The United Nations Children’s Fund (UNICEF) has noted that approximately 1.8 billion photos are uploaded to the internet every day, of which some 720,000 are believed to be illegal images of children. According to the United States National Center for Missing and Exploited Children (NCMEC), has exploded from 450,000 files in 2004 to more than 45 million files in 2018. At the same time, the number of reports of URLs containing CSAM has increased from only 3,000 in 1998 to 18.4 million today.

The ongoing COVID-19 pandemic has also played a significant role in enhancing the vulnerability of minors in this regard, as children find themselves spending increased amount of time at home and online. The perpetrators of such crimes against children equally found themselves confined to theirs and connected during the pandemic. Illustrating this correlation, Interpol published in their recent report (Sep 2020) on the COVID-19 Impact on Threats and Trends Child Sexual Exploitation and Abuse that “information from multiple sources including INTERPOL member countries indicate a significant increase in the sharing of online CSAM through the use of peer-to-peer networks during the COVID-19 pandemic”.

In November 2020, UNICRI through its Centre of Artificial Intelligence and Robotics, and the Ministry of Interior of the United Arab Emirates launched the ‘Artificial Intelligence for Safer Children’ Initiative. This new initiative seeks to combat online CSAM through the joint exploration of new technological solutions, specifically Artificial Intelligence (AI) and machine learning, together with law enforcement agencies – which play a central role in investigating and prosecuting online CSAM.

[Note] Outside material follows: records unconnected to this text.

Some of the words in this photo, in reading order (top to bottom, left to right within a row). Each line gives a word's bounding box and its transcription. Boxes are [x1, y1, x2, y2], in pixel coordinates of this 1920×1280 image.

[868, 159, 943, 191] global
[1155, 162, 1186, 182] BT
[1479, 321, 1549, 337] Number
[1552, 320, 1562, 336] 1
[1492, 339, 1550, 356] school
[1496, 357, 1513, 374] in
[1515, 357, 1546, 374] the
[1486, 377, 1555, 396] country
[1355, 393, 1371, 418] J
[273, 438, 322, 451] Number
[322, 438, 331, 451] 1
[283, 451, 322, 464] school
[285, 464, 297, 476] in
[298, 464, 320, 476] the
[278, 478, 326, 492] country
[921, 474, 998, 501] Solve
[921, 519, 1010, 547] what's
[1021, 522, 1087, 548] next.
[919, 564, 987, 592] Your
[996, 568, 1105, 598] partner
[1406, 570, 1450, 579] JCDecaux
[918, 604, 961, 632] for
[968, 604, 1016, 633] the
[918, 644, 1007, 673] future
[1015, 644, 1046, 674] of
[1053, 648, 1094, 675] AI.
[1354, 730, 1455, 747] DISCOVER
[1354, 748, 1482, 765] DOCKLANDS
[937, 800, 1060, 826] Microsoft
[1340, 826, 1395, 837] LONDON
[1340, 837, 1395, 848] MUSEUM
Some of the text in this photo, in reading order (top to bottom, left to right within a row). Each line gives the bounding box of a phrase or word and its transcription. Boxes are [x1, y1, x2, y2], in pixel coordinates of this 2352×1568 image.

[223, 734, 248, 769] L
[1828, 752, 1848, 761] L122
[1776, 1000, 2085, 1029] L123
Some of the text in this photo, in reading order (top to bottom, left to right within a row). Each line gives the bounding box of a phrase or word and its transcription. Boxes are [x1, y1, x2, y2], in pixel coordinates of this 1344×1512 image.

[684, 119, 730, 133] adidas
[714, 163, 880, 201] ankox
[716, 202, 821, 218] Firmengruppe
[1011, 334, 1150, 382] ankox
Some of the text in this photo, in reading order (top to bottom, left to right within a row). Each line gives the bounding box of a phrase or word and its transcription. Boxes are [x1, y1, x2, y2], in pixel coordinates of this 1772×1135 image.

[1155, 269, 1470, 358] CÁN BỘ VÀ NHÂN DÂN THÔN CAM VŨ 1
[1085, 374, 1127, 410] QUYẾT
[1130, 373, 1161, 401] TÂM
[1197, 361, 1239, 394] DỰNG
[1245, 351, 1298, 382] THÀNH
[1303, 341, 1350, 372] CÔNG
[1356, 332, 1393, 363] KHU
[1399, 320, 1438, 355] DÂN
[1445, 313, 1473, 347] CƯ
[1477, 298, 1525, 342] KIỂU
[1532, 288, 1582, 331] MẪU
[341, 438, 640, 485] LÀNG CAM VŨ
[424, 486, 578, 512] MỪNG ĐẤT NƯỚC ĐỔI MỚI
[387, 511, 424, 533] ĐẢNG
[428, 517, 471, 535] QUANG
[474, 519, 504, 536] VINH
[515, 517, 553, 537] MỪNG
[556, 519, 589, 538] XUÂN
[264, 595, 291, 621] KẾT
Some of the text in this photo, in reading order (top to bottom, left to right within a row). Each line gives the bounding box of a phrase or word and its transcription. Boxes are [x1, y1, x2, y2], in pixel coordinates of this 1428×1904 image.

The potential of AI to safeguard children has, in fact, already been demonstrated. For instance, Spotlight, an online search platform used by law enforcement agencies in the US and Canada, analyzes web traffic related to sex advertisements on escort sites to identify victims and perpetrators, and monitor potential trafficking networks. This AI-based tool has helped to identify 14,874 child victims of human trafficking in the past four years. In the UK, SafeToNet has developed a machine learning application that helps parents monitor their children’s activity online, including speech analysis and nudity detection with a direct warning system aligning with privacy concerns, helping to prevent victims to threats of online CSAM.

In close cooperation with the law enforcement community, AI for Safer Children will take practical steps to facilitate the prevention, detection and, ultimately, the prosecution of the perpetrators behind CSAM. Network building, awareness-raising and advocacy, as well as the exploration of practical tools to support law enforcement leverage AI to combat the problem of online CSAM and will be a focus of the AI for Safer Children Initiative. A key consideration will also be to build trust in law enforcements’ use of AI and to identify and navigate the redline between the need to ensure the safety of our children and the use of potentially invasive technologies. All of these considerations are essential to combat online CSAM today and to create a safer world for our children.